* _Supplied information_:
☆ ☆ ☆ ☆ ☆

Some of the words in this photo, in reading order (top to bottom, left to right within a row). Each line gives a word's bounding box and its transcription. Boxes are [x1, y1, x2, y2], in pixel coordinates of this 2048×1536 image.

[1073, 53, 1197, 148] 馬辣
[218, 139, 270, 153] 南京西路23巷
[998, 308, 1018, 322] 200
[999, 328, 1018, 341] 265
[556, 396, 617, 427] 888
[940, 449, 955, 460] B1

☆ ☆ ☆ ☆ ☆

* _Your task_:
Each line shown above must be repeated exactly.

* _Problem solution_:
Some of the words in this photo, in reading order (top to bottom, left to right within a row). Each line gives a word's bounding box and its transcription. Boxes are [x1, y1, x2, y2], in pixel coordinates of this 2048×1536 image.

[1073, 53, 1197, 148] 馬辣
[218, 139, 270, 153] 南京西路23巷
[998, 308, 1018, 322] 200
[999, 328, 1018, 341] 265
[556, 396, 617, 427] 888
[940, 449, 955, 460] B1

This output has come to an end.